Once outside, the Congolese present banged drums, shouted abuse, offered violent conflict, but Rwandans remained calm. The targets of all this provocation would not be drawn. It turns out that the leadership of the Rwanda Community had given guarantees to the Metropolitan Police that they would behave impeccably, and they were determined to honour their word.

In some ways, the Rwandans have become victims of their own good behaviour. The Metropolitan Police has realised that the Rwandan community can be trusted to act within the law at such demonstrations, and they never bother to send officers to police them, or when they do, it is in small numbers, as happened on this occasion.

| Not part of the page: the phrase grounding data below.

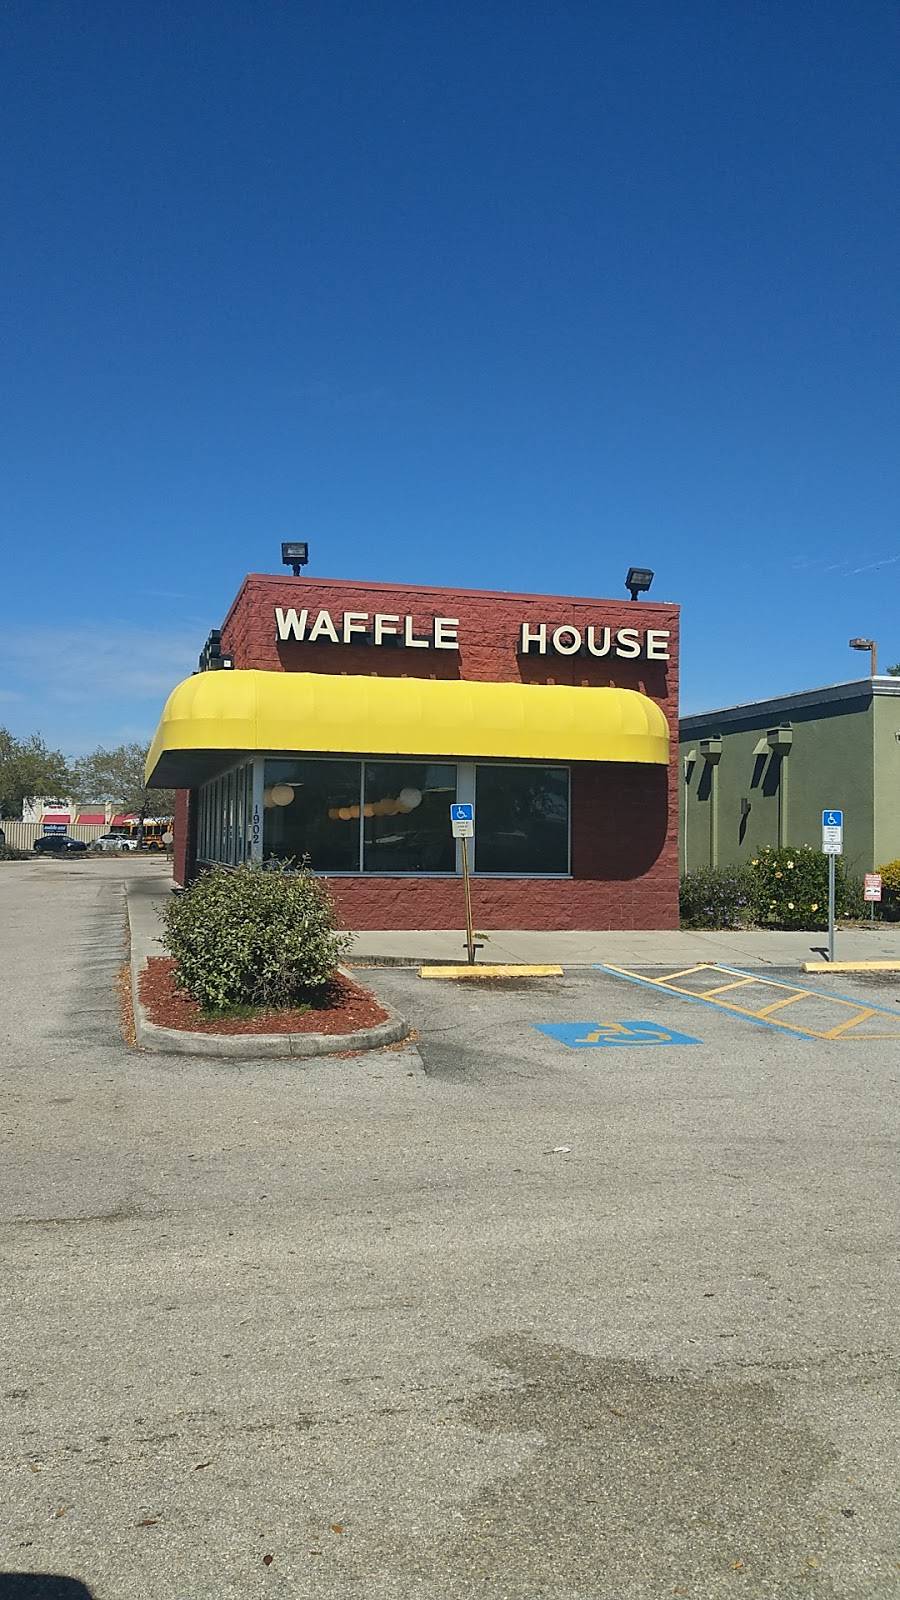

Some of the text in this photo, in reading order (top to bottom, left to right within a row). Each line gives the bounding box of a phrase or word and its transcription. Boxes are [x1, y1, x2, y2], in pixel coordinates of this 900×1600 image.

[275, 607, 671, 660] WAFFLE HOUSE
[252, 804, 260, 844] 1902
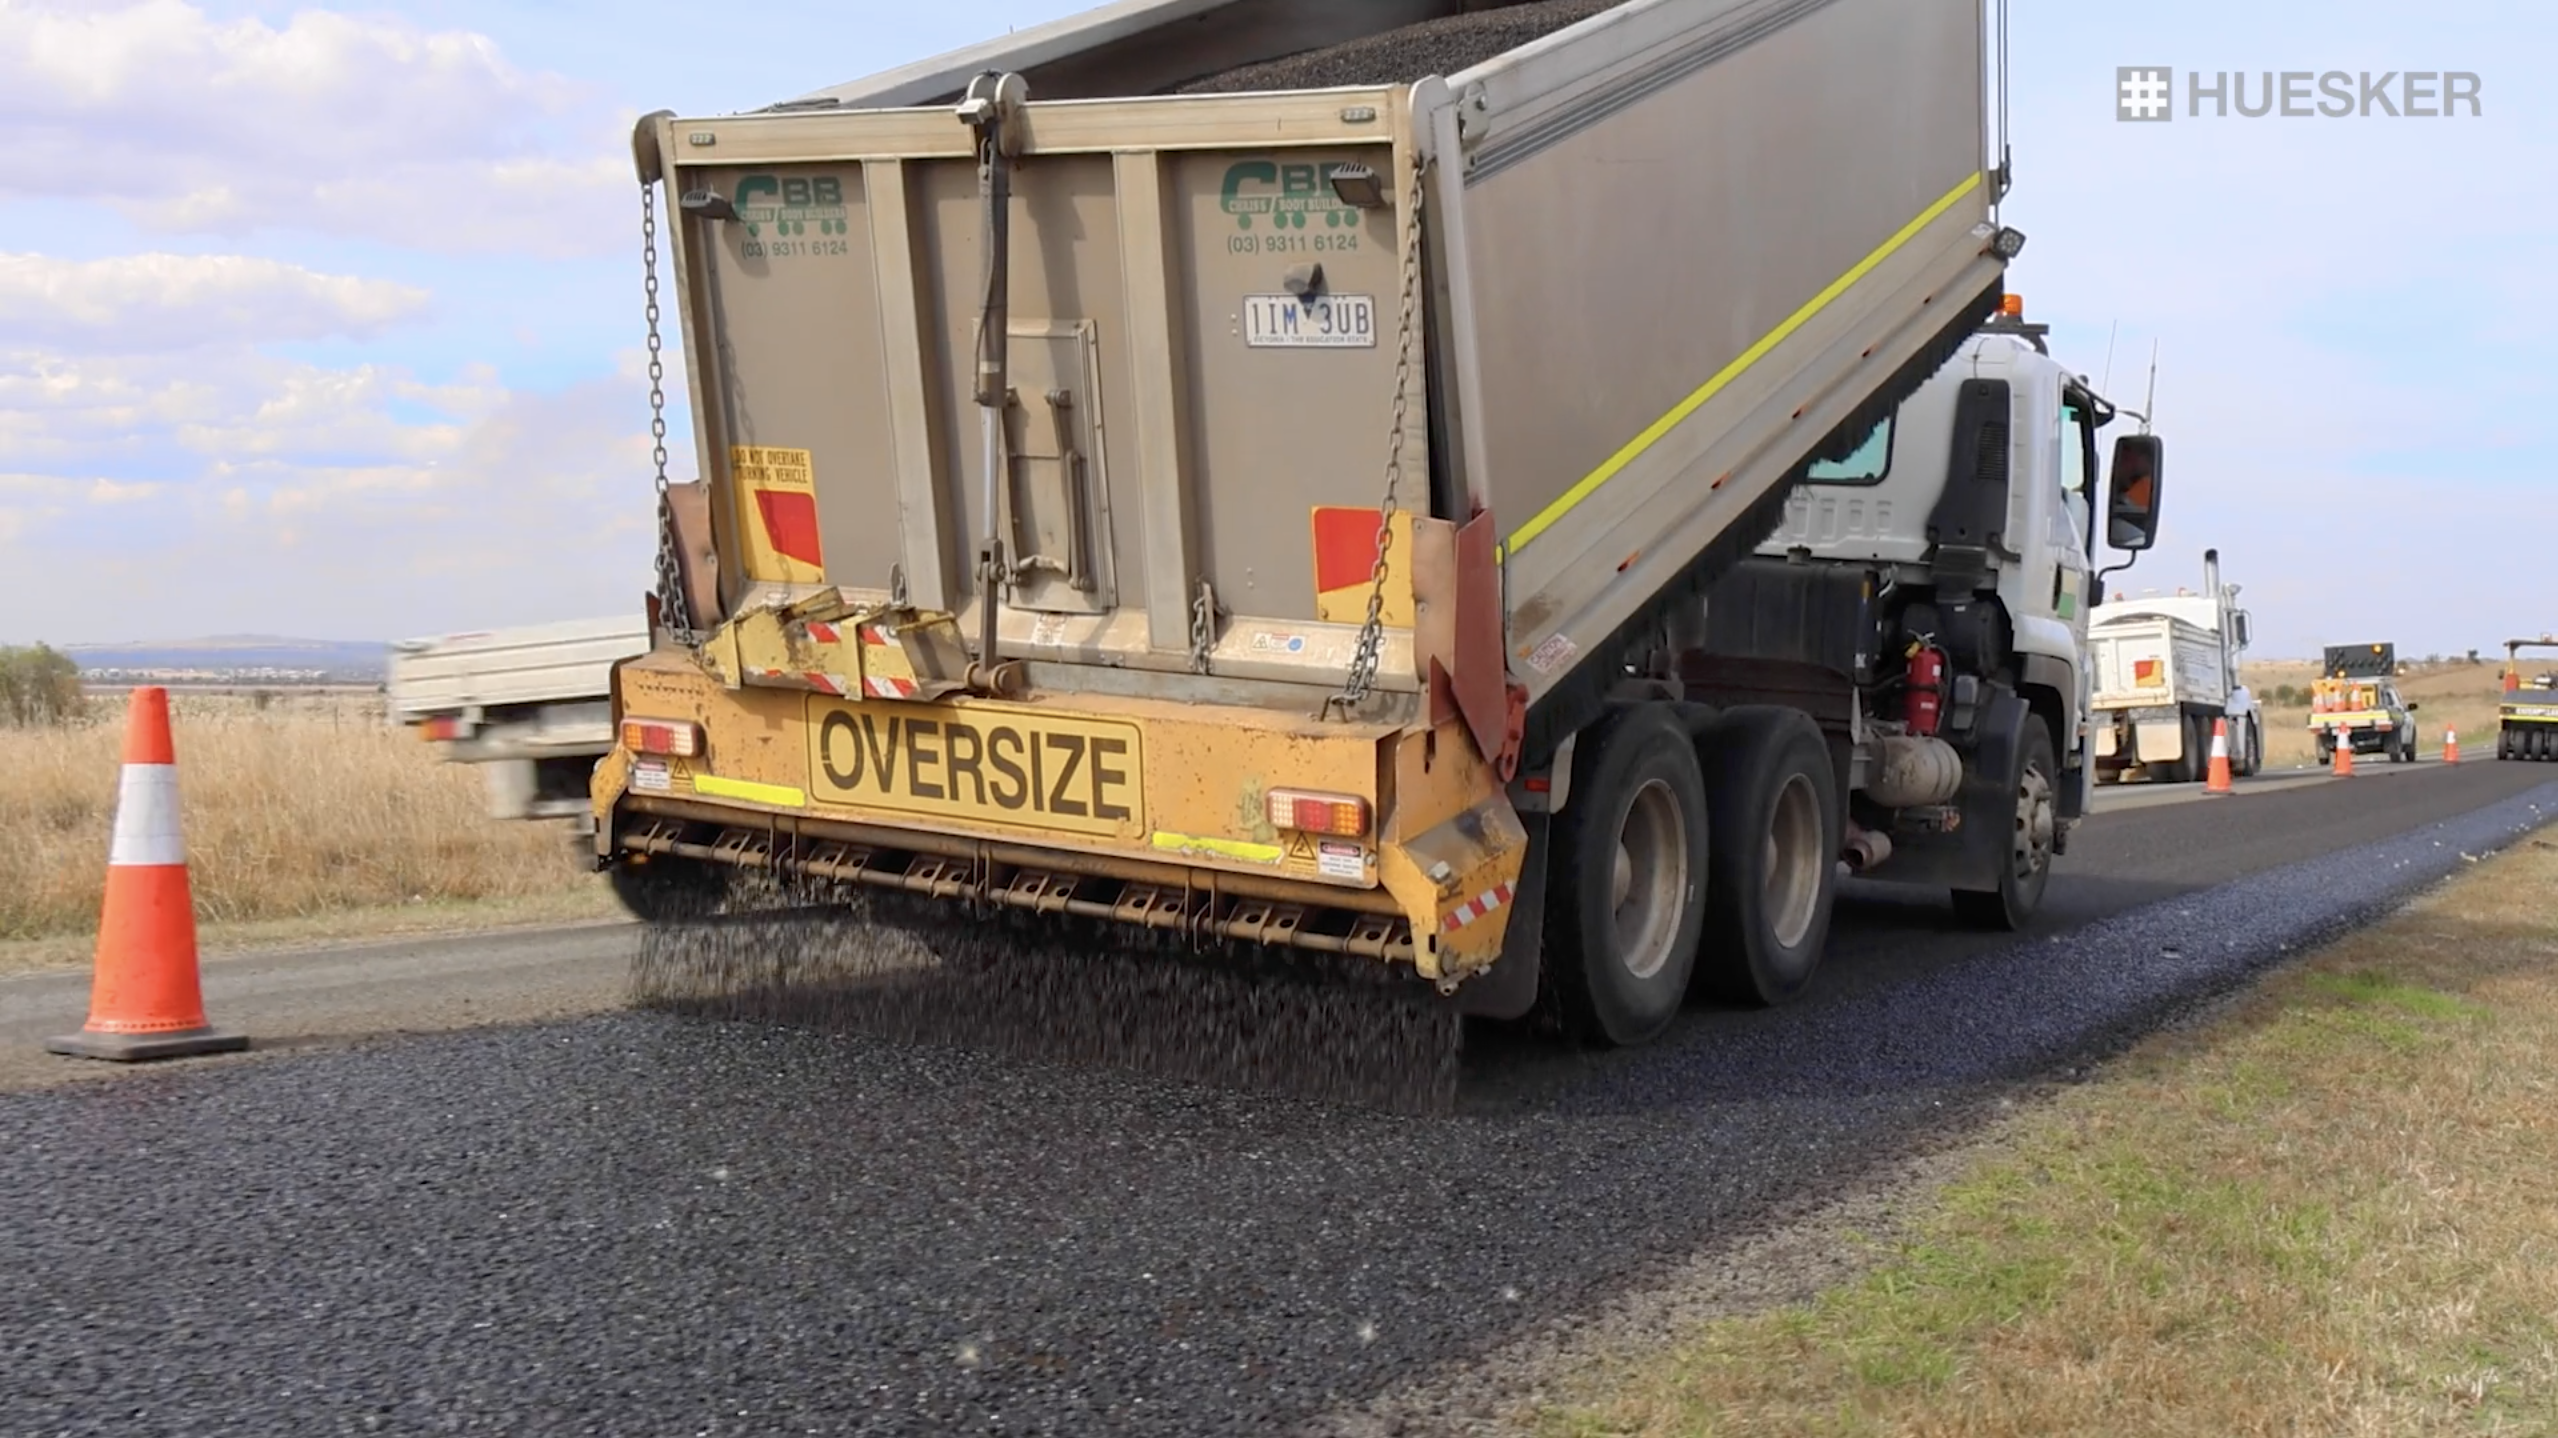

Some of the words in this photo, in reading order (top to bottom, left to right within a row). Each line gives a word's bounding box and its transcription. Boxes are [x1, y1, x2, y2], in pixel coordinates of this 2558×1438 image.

[735, 174, 843, 220] CBB
[742, 241, 768, 259] (03)
[772, 241, 806, 257] 9311
[812, 240, 848, 256] 6124
[1227, 234, 1260, 255] (03)
[1266, 235, 1306, 252] 9311
[1314, 234, 1358, 251] 6124
[1319, 302, 1369, 334] 3UB
[820, 709, 1132, 822] OVERSIZE

The hooliganism of the Congolese demonstrators was the only drama on a day that Rwandans had expected to witness legal arguments in a complex case, but, which instead was wound up only minutes after it had begun.

Rwanda’s opponents may perhaps rue bringing the case against Gen Karake, in that it had more power untested. Now that it has been shown to have been spurious at best, where does it leave the claims against the other 39 current and former senior RPF officers against whom a similar indictment and the same alleged crimes stood?

"After careful consideration we do not believe an extradition offence can be established under UK law...” so stated the prosecution. The question for the UK authorities now is why was such a case ever entertained at all?

Vincent Gasana is a broadcast journalist and programme maker, he lives and works in London.